ACTION ITEM:
A word-for-word copy of the listing is what's needed; leave out every image.

DATASET CONTENT:
====

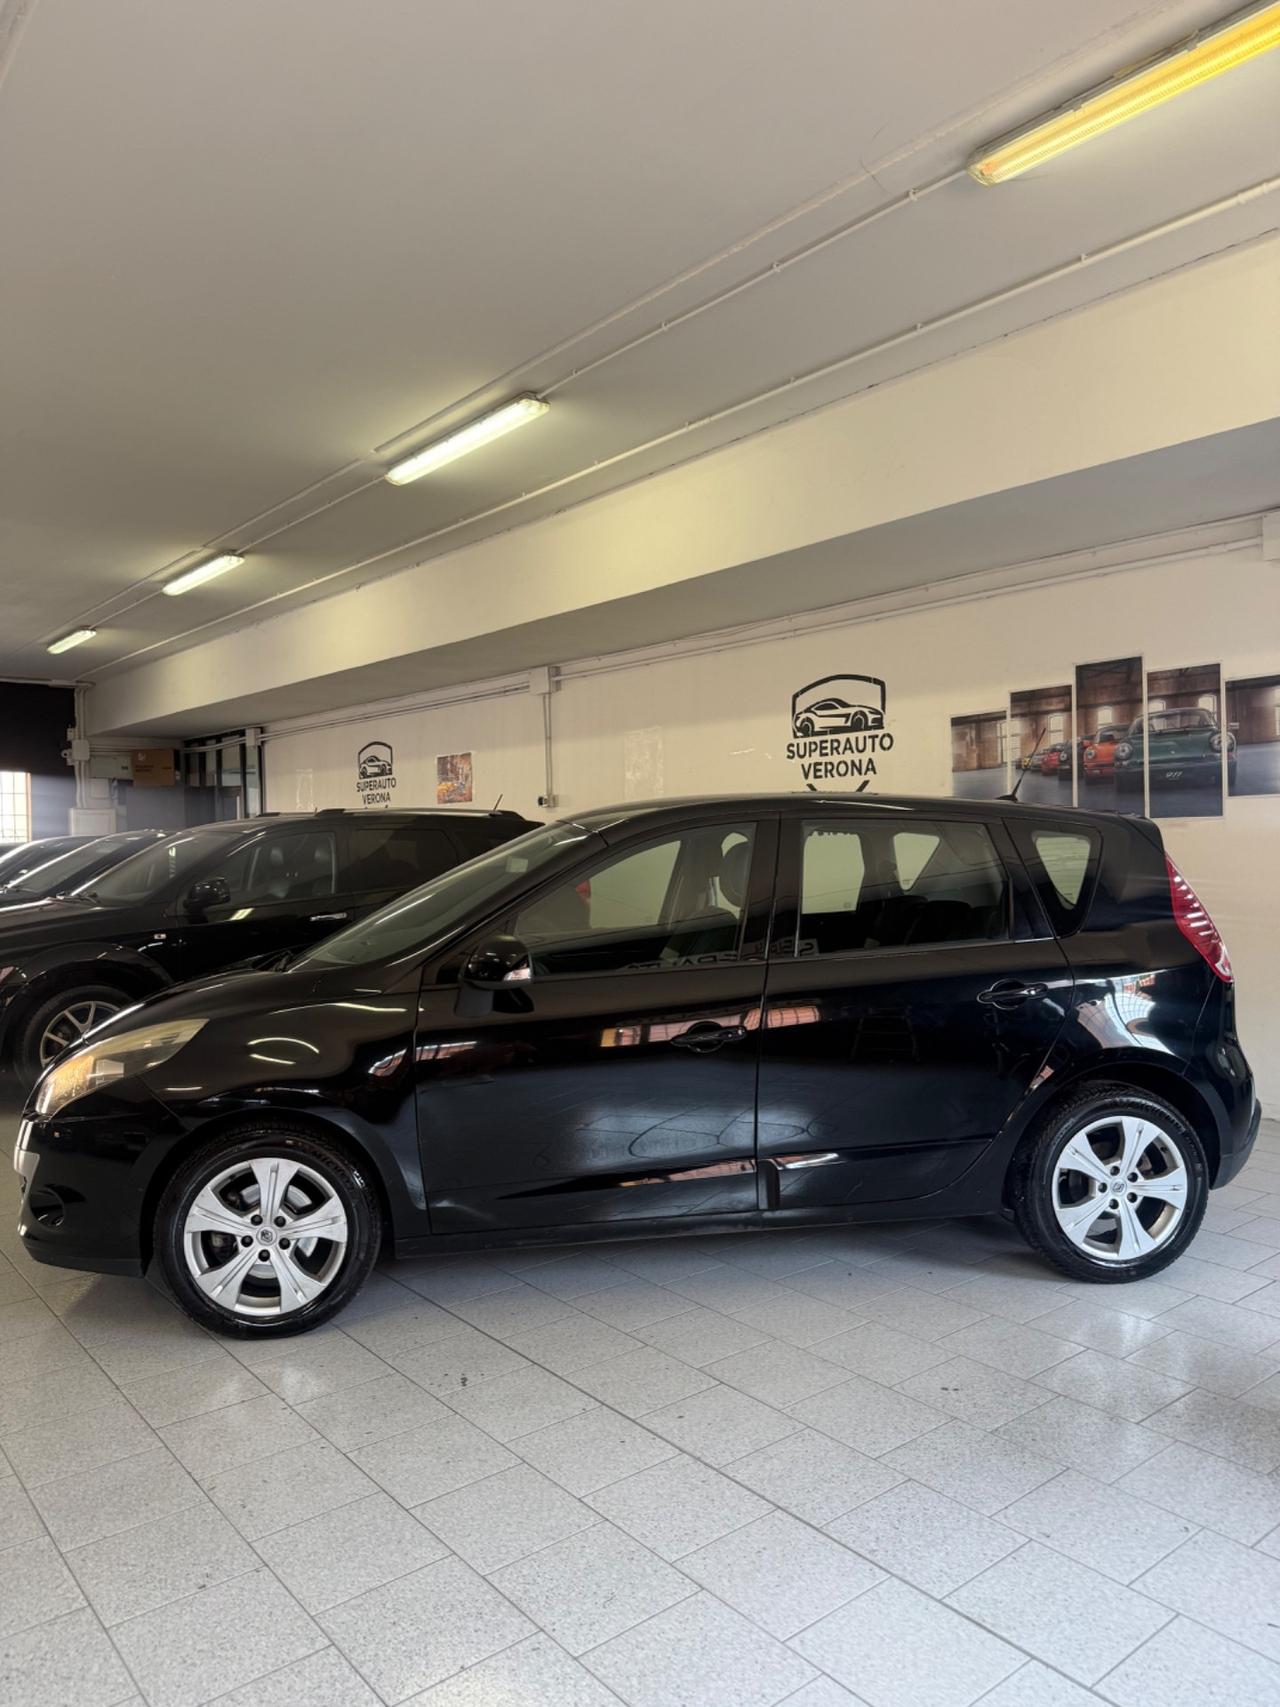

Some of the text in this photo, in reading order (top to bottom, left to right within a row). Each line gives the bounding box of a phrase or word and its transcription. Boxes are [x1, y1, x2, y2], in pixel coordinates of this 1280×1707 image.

[786, 733, 894, 759] SUPERAUTO
[801, 758, 877, 780] VERONA
[356, 777, 396, 792] SUPERAUTO
[362, 792, 391, 805] VERONA
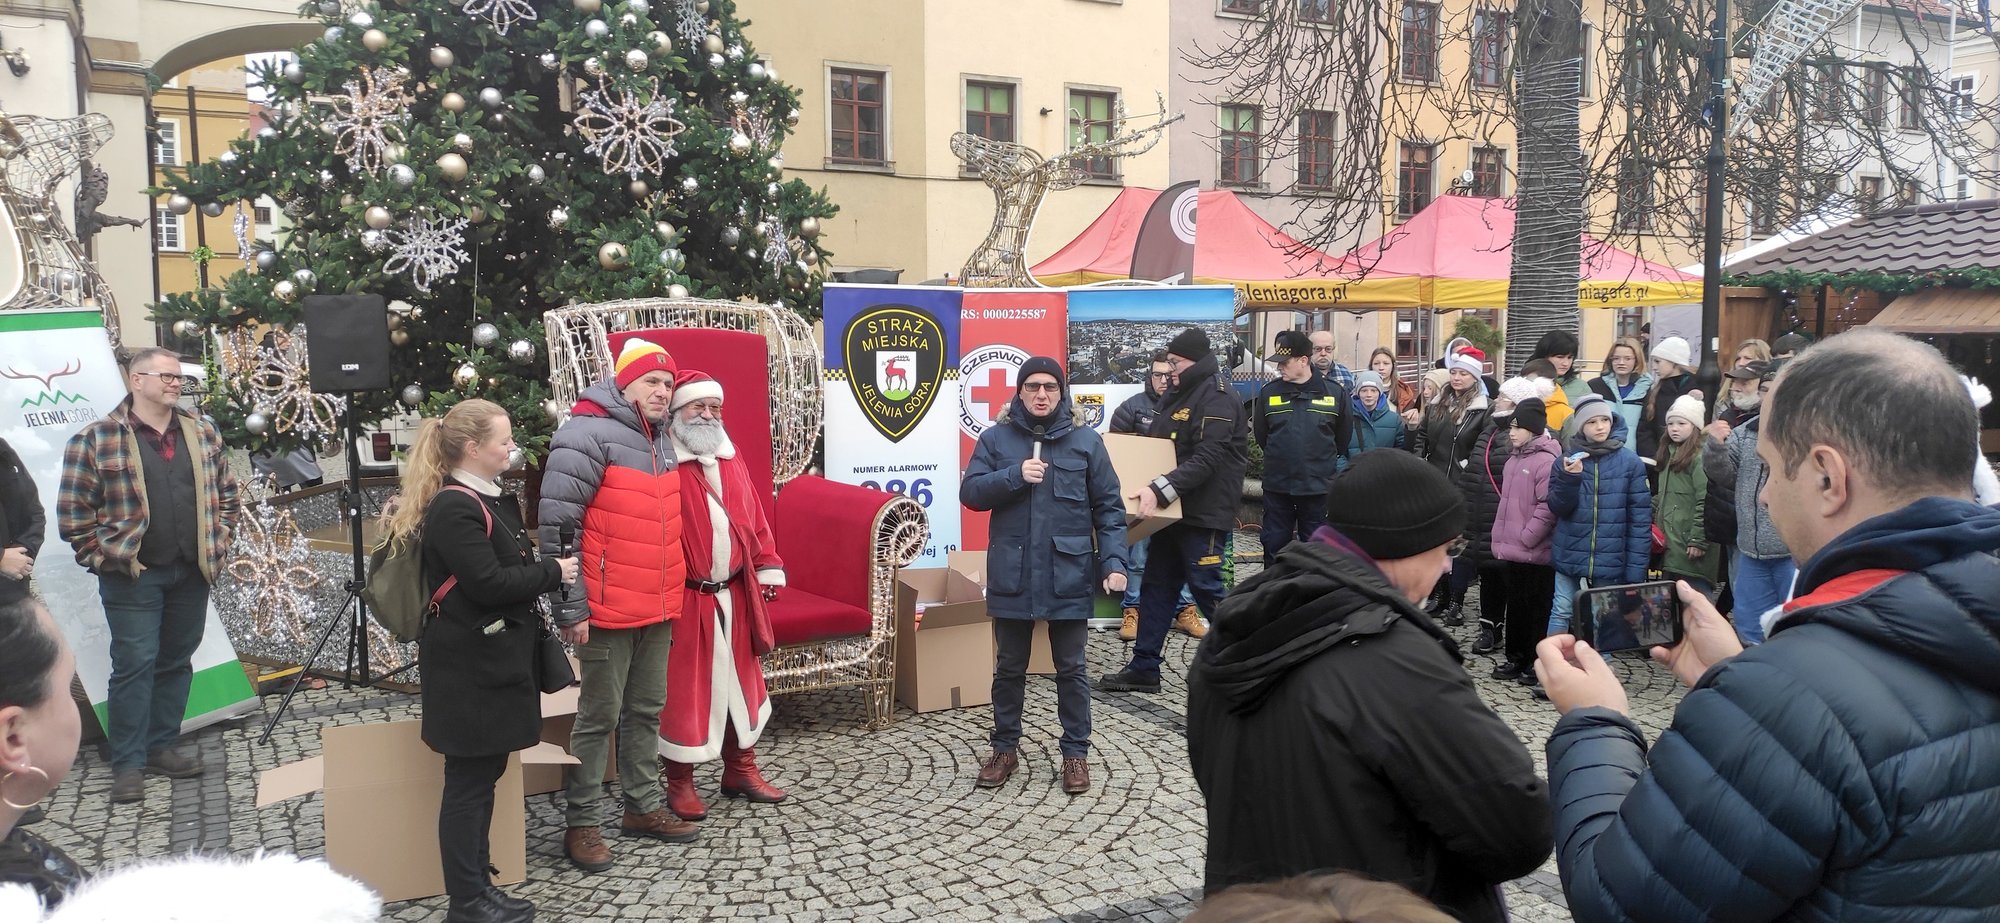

====

RESPONSE:
Some of the text in this photo, in reading order (top to bottom, left to right within a row). Each line gives the bounding box of a phrase or word and its transcription. Boxes are [x1, y1, x2, y2], in pixel coordinates of this 1280×1707 image.

[786, 733, 894, 759] SUPERAUTO
[801, 758, 877, 780] VERONA
[356, 777, 396, 792] SUPERAUTO
[362, 792, 391, 805] VERONA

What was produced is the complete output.